### TASK INSTRUCTIONS
The required answer is the data below, restated word for word with images omitted.

### RECORDED INFORMATION
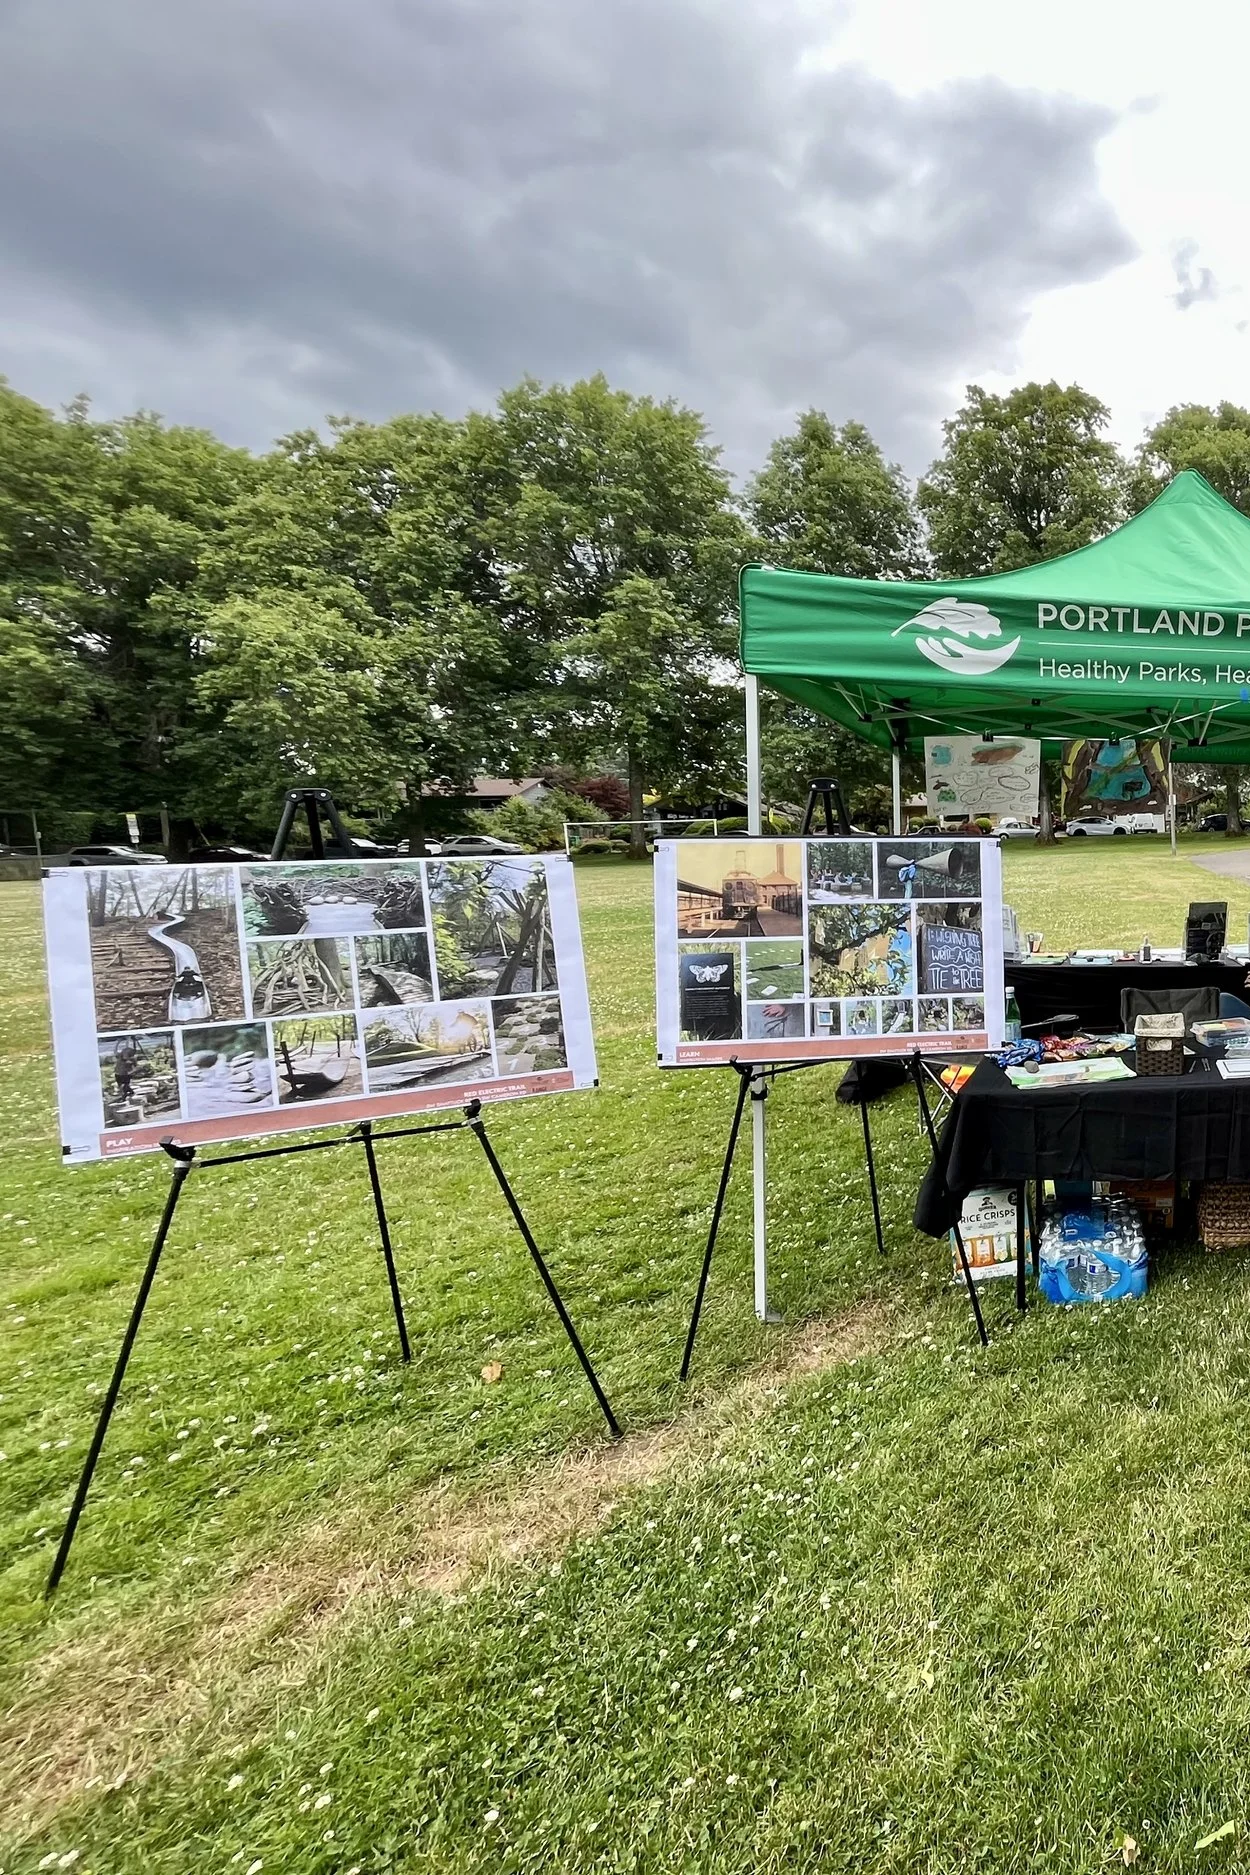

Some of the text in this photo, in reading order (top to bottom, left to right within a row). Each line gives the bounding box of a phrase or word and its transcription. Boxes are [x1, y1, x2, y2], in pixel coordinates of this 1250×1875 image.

[1038, 603, 1225, 637] PORTLAND
[1039, 658, 1130, 684] Healthy
[1139, 662, 1208, 686] Parks,
[464, 1090, 477, 1098] RED
[478, 1087, 508, 1096] ELECTRIC
[106, 1137, 133, 1148] PLAY
[961, 1208, 1015, 1224] RICE CRISPS
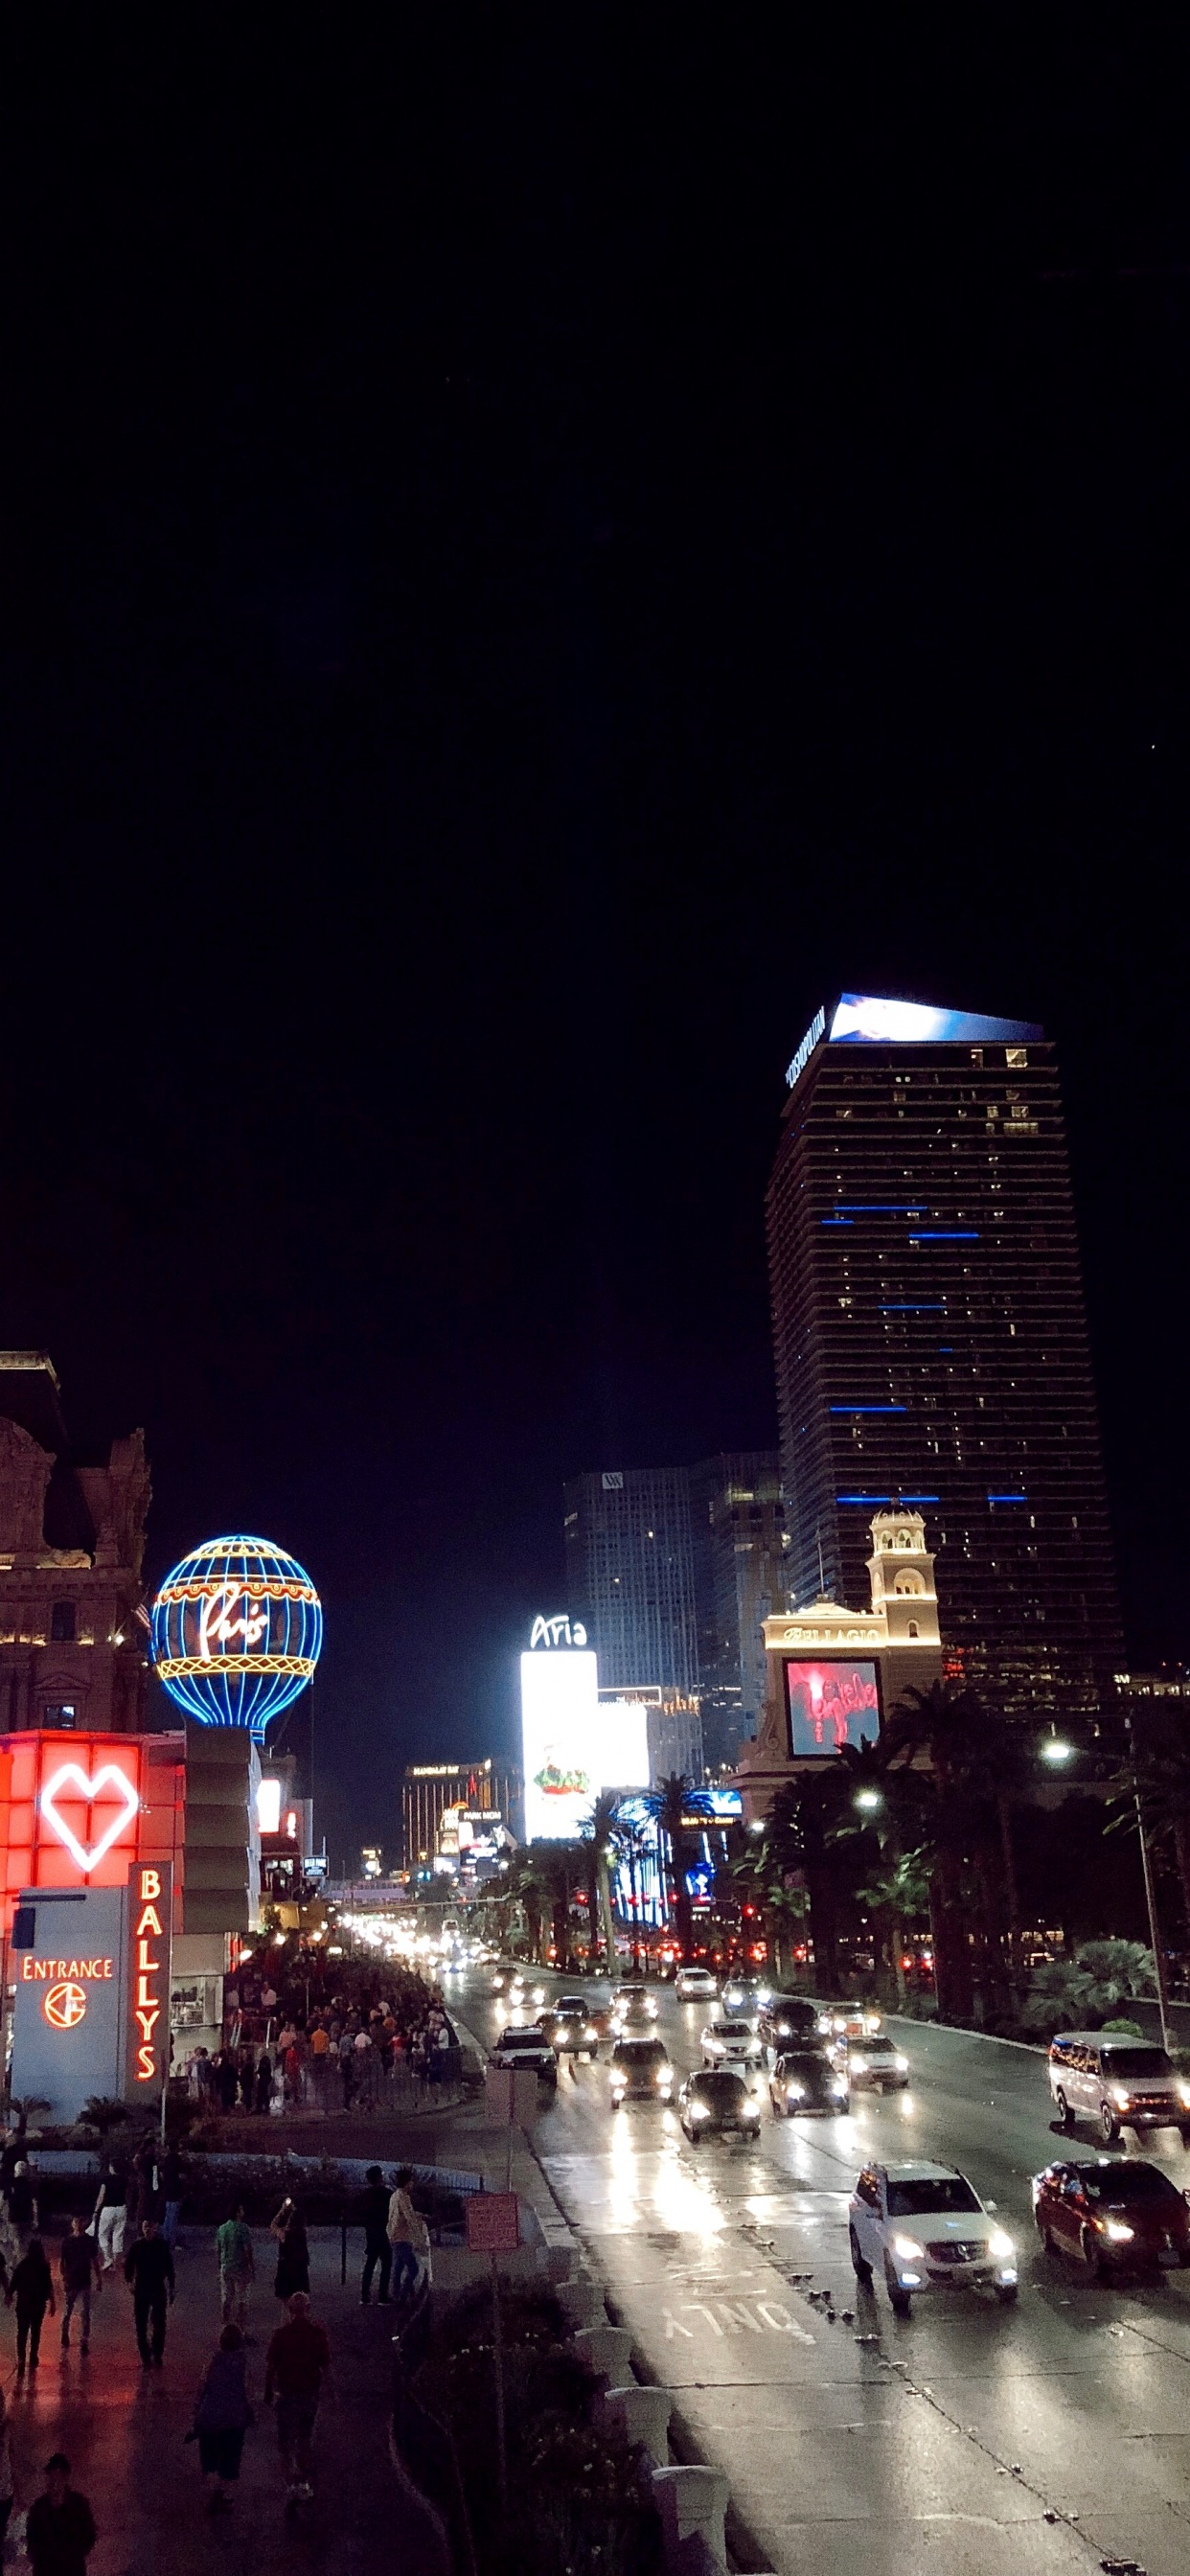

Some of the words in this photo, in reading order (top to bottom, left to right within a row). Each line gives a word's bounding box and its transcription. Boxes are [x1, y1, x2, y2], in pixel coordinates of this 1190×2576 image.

[198, 1581, 269, 1664] Paris
[531, 1615, 587, 1648] Aria
[22, 1956, 113, 1981] ENTRANCE
[136, 1870, 163, 2079] BALLYS
[661, 2302, 815, 2345] ONLY
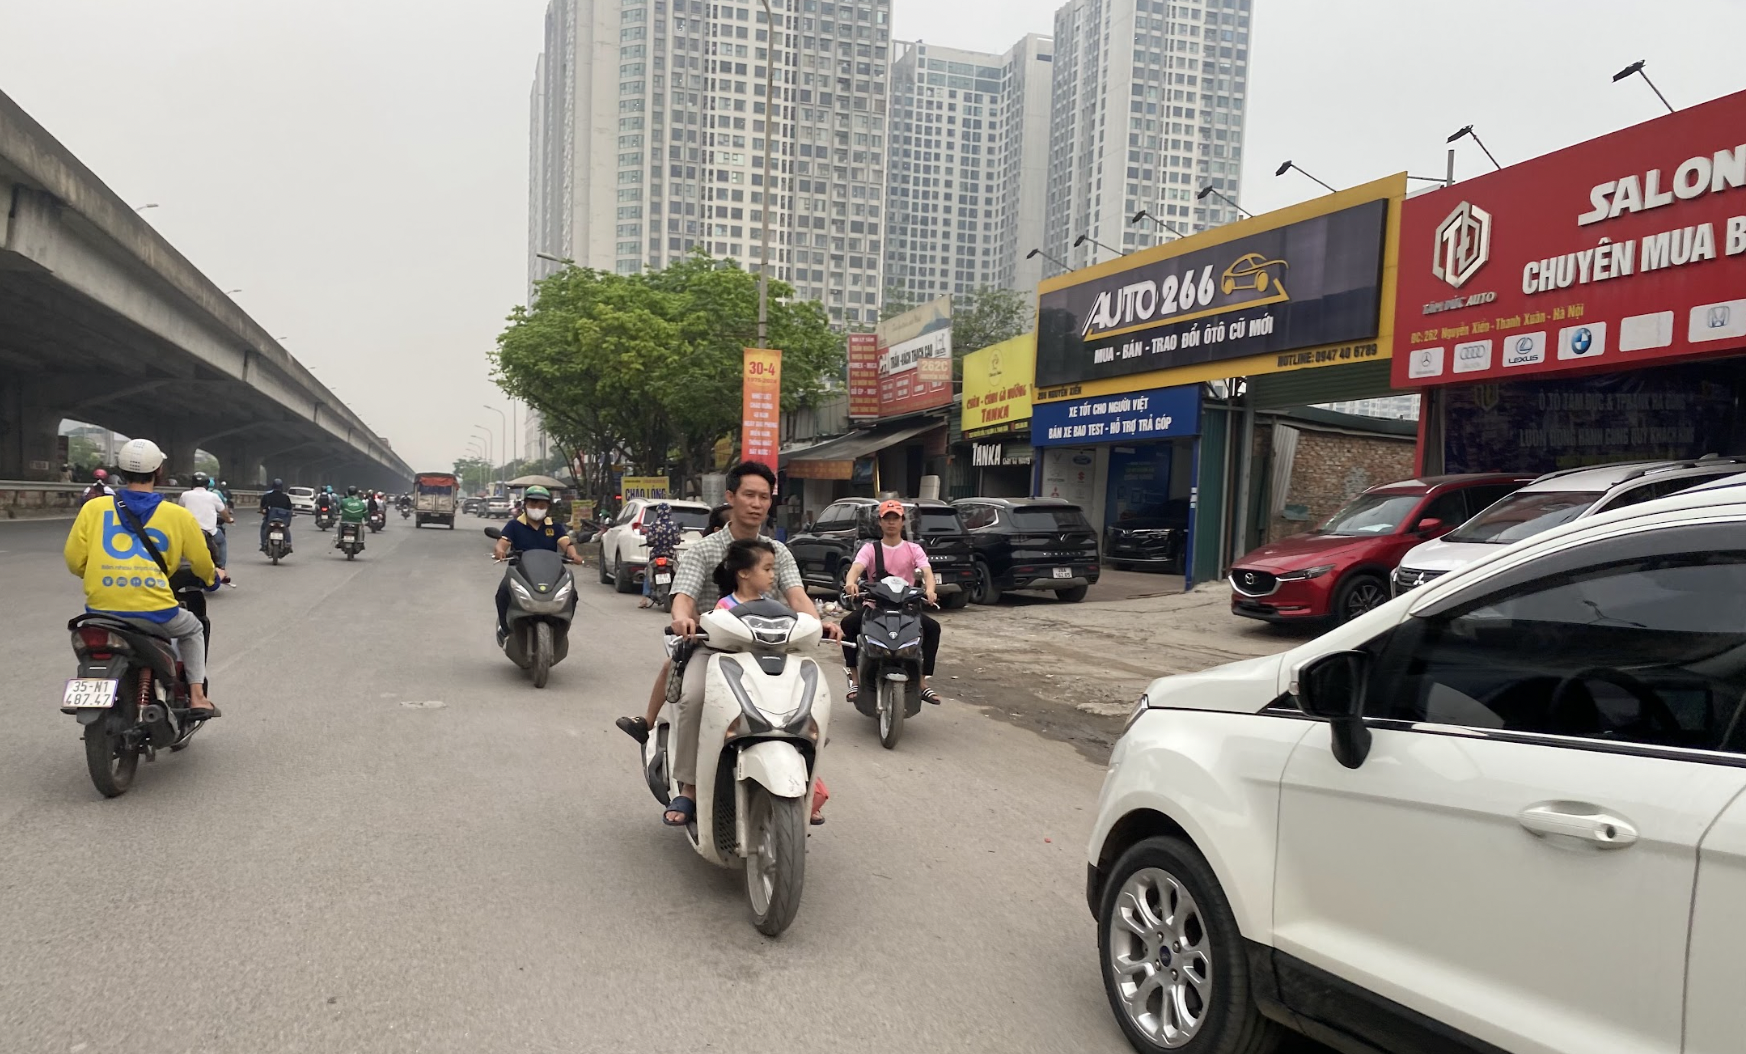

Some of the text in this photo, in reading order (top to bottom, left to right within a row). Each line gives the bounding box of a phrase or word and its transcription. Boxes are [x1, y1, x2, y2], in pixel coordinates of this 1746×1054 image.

[1578, 144, 1746, 226] SALON
[1522, 237, 1636, 295] CHUYÊN
[1640, 222, 1715, 272] MUA
[1082, 264, 1215, 336] AUTO 266
[1466, 291, 1496, 306] AUTO
[1496, 315, 1521, 331] Thanh
[1523, 310, 1546, 326] Xuân
[1553, 306, 1566, 321] Hà
[1568, 303, 1584, 320] Nội
[1094, 347, 1115, 364] MUA
[1122, 339, 1143, 359] BÁN
[1152, 336, 1178, 354] TRAO
[1181, 322, 1200, 349] ĐỔI
[1204, 321, 1225, 344] ÔTÔ
[1229, 317, 1246, 340] CŨ
[1249, 312, 1274, 336] MỚI
[749, 361, 776, 376] 30-4
[921, 360, 948, 372] 262C
[1508, 354, 1539, 364] LEXUS
[981, 404, 1009, 423] TANKA
[1068, 395, 1149, 418] XE TỐT CHO NGƯỜI VIỆT
[1048, 424, 1062, 439] BÁN
[1063, 425, 1072, 438] XE
[1073, 424, 1087, 438] BAO
[1088, 423, 1105, 436] TEST
[1122, 418, 1137, 435] TRỢ
[1138, 413, 1153, 432] TRẢ
[1155, 413, 1172, 430] GÓP
[972, 442, 1002, 467] TANKA
[102, 510, 170, 562] be
[66, 692, 111, 706] 487.47

### RESPONSE TO THIS TASK
Some of the text in this photo, in reading order (top to bottom, left to right within a row). Each line gives the bounding box of a phrase or word and its transcription. Boxes are [x1, y1, x2, y2], in pixel coordinates of this 1250×1875 image.

[1038, 603, 1225, 637] PORTLAND
[1039, 658, 1130, 684] Healthy
[1139, 662, 1208, 686] Parks,
[464, 1090, 477, 1098] RED
[478, 1087, 508, 1096] ELECTRIC
[106, 1137, 133, 1148] PLAY
[961, 1208, 1015, 1224] RICE CRISPS

Some of the words in this photo, in reading order (top to bottom, left to right within a row). Each line gives a word's bounding box and its transcription. Boxes are [x1, y1, x2, y2], in pixel coordinates of this 1190×2576 image.

[198, 1581, 269, 1664] Paris
[531, 1615, 587, 1648] Aria
[22, 1956, 113, 1981] ENTRANCE
[136, 1870, 163, 2079] BALLYS
[661, 2302, 815, 2345] ONLY

Some of the text in this photo, in reading order (top to bottom, left to right within a row). Each line gives the bounding box of a phrase or word and its transcription. Boxes are [x1, y1, x2, y2], in pixel coordinates of this 1746×1054 image.

[1578, 144, 1746, 226] SALON
[1522, 237, 1636, 295] CHUYÊN
[1640, 222, 1715, 272] MUA
[1082, 264, 1215, 336] AUTO 266
[1466, 291, 1496, 306] AUTO
[1496, 315, 1521, 331] Thanh
[1523, 310, 1546, 326] Xuân
[1553, 306, 1566, 321] Hà
[1568, 303, 1584, 320] Nội
[1094, 347, 1115, 364] MUA
[1122, 339, 1143, 359] BÁN
[1152, 336, 1178, 354] TRAO
[1181, 322, 1200, 349] ĐỔI
[1204, 321, 1225, 344] ÔTÔ
[1229, 317, 1246, 340] CŨ
[1249, 312, 1274, 336] MỚI
[749, 361, 776, 376] 30-4
[921, 360, 948, 372] 262C
[1508, 354, 1539, 364] LEXUS
[981, 404, 1009, 423] TANKA
[1068, 395, 1149, 418] XE TỐT CHO NGƯỜI VIỆT
[1048, 424, 1062, 439] BÁN
[1063, 425, 1072, 438] XE
[1073, 424, 1087, 438] BAO
[1088, 423, 1105, 436] TEST
[1122, 418, 1137, 435] TRỢ
[1138, 413, 1153, 432] TRẢ
[1155, 413, 1172, 430] GÓP
[972, 442, 1002, 467] TANKA
[102, 510, 170, 562] be
[66, 692, 111, 706] 487.47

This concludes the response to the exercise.